Woodstock. Vietnam protests. The Summer of Love. Civil rights.

The 1960s were all about the three Rs: rock, reform, and revolution. The times, as Bob Dylan sang, were a-changin'. Timothy Leary told us to question authority, and that's just what we did.

Without the LSD, let it be noted.

When Chief Justice Warren wrote the opinion in Brown v. Board of Education, the 1954 Supreme Court case outlawing segregation in public schools and other facilities, his court validated the years of struggle for African Americans to secure their rights under the Equal Protection Clause of the Fourteenth Amendment. For the next ten years, the civil rights struggle illuminated not only the plight of African Americans, but also the need to support the civil liberties due to all Americans.
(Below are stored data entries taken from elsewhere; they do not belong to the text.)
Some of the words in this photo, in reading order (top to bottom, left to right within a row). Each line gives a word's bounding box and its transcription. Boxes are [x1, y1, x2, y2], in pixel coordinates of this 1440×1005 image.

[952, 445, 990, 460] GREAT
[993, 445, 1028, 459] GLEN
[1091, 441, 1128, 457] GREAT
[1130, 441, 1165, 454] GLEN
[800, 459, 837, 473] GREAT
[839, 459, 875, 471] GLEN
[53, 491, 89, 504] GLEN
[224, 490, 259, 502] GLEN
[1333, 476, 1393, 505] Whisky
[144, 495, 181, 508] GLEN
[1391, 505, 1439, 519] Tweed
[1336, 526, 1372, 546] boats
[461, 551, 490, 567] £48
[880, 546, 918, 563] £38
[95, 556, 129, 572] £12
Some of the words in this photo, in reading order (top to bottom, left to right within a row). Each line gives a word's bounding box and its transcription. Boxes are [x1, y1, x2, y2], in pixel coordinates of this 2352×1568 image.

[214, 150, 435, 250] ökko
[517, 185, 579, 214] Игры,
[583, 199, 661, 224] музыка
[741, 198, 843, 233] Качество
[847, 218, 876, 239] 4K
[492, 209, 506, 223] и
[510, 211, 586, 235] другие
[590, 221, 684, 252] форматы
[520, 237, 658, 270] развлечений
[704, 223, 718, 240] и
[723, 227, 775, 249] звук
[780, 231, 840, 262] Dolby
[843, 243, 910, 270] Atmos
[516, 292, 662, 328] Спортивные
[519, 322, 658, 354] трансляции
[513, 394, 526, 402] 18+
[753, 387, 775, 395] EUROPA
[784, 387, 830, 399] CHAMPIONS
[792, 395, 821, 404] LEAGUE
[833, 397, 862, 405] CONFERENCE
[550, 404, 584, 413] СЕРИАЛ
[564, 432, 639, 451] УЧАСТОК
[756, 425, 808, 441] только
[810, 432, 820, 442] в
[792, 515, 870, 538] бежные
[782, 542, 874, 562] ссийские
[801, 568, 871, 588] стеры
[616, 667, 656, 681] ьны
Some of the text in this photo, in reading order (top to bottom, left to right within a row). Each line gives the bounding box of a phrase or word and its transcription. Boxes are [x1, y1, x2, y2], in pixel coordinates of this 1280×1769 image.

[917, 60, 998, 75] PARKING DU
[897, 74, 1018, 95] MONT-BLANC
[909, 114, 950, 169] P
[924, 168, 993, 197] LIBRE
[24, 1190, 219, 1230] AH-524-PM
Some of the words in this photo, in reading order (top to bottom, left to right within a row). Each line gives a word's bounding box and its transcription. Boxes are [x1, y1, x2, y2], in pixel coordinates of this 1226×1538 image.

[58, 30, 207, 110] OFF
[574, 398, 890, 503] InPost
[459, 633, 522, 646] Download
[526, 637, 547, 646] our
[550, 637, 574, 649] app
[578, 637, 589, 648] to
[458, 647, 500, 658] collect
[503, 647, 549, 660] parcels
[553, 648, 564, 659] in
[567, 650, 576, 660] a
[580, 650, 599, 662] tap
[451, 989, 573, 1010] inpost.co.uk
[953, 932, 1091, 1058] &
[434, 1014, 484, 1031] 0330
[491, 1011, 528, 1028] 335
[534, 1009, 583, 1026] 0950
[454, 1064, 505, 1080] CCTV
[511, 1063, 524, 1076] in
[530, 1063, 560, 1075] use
Because appeals to "law and order" were often used as excuses to brutally beat and occasionally murder civil rights protesters, the police became the objects of distrust and suspicion. Not all cops deserved that suspicion, but lots of them, especially in the South, did. Peaceful black marchers in the segregated South were routinely savagely assaulted and jailed. In 1964, the police in Philadelphia, Mississippi colluded with the local Ku Klux Klan to ambush and murder three civil rights workers who were in town registering African Americans to vote.

Miranda v. Arizona fit perfectly with the zeitgeist of those tumultuous times. Miranda benefited by living in a time that was all about making sure people knew what their government was doing, and how it was carrying out its actions—police included. People feared that, in the privacy of the interrogation room, anything could happen. Confessions could be coerced and suspects could be bullied and threatened.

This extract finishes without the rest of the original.